START EXTRACTED MATERIAL

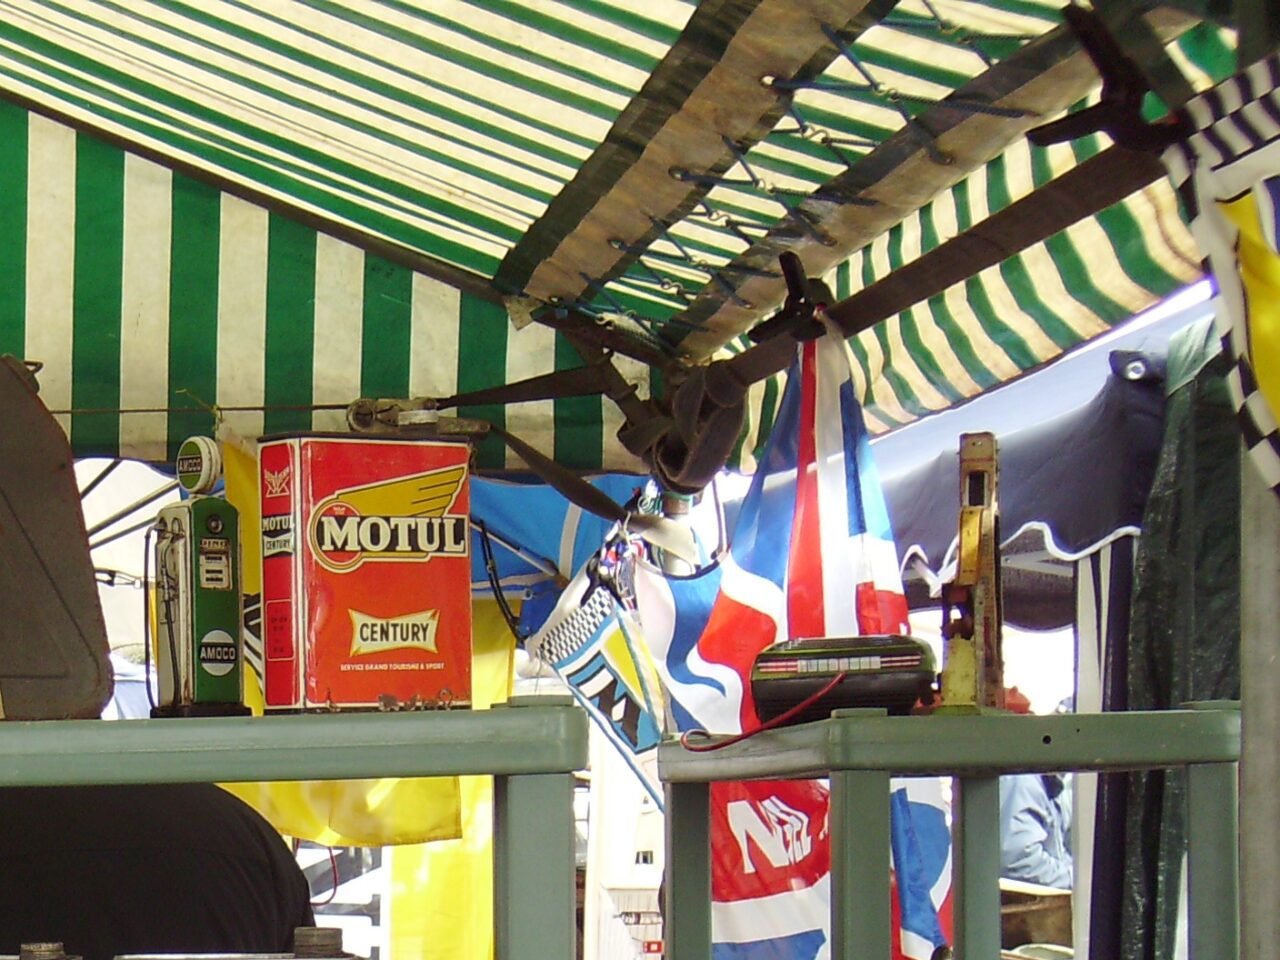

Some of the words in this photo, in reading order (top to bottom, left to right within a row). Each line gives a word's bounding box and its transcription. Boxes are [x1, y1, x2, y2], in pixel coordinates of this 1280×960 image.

[320, 517, 465, 551] MOTUL
[360, 620, 430, 643] CENTURY
[200, 647, 236, 660] AMOCO
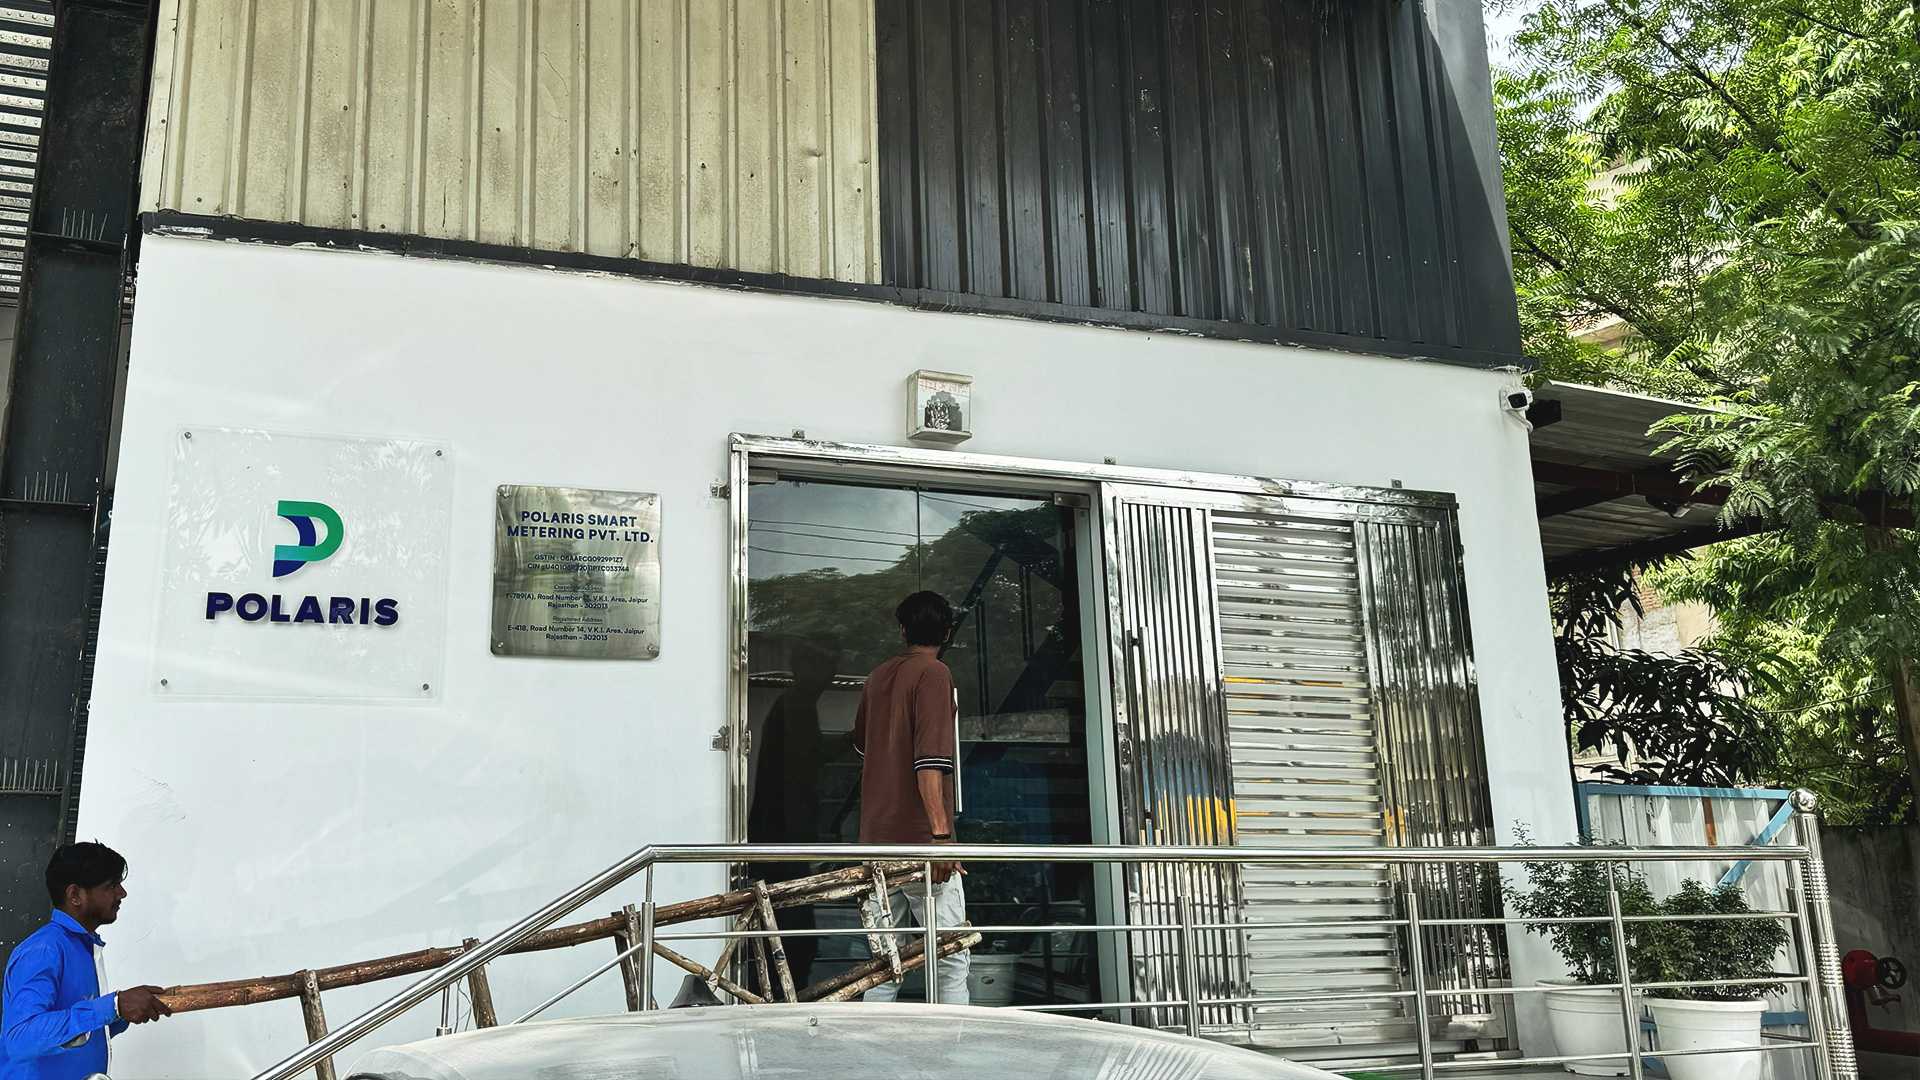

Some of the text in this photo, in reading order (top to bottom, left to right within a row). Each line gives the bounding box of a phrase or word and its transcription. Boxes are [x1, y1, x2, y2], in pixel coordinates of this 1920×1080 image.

[521, 510, 638, 527] POLARIS SMART
[507, 525, 654, 543] METERING PVT. LTD.
[205, 591, 400, 627] POLARIS
[530, 624, 547, 632] Road

END EXTRACTED MATERIAL

DIRECTIONS FOR THIS TASK
With the line containing "Some of the text" as the first and the final line of the entries above as the last, write out that span exactly and nothing more.

TASK SOLUTION
Some of the text in this photo, in reading order (top to bottom, left to right within a row). Each line gives the bounding box of a phrase or word and its transcription. Boxes are [x1, y1, x2, y2], in pixel coordinates of this 1920×1080 image.

[521, 510, 638, 527] POLARIS SMART
[507, 525, 654, 543] METERING PVT. LTD.
[205, 591, 400, 627] POLARIS
[530, 624, 547, 632] Road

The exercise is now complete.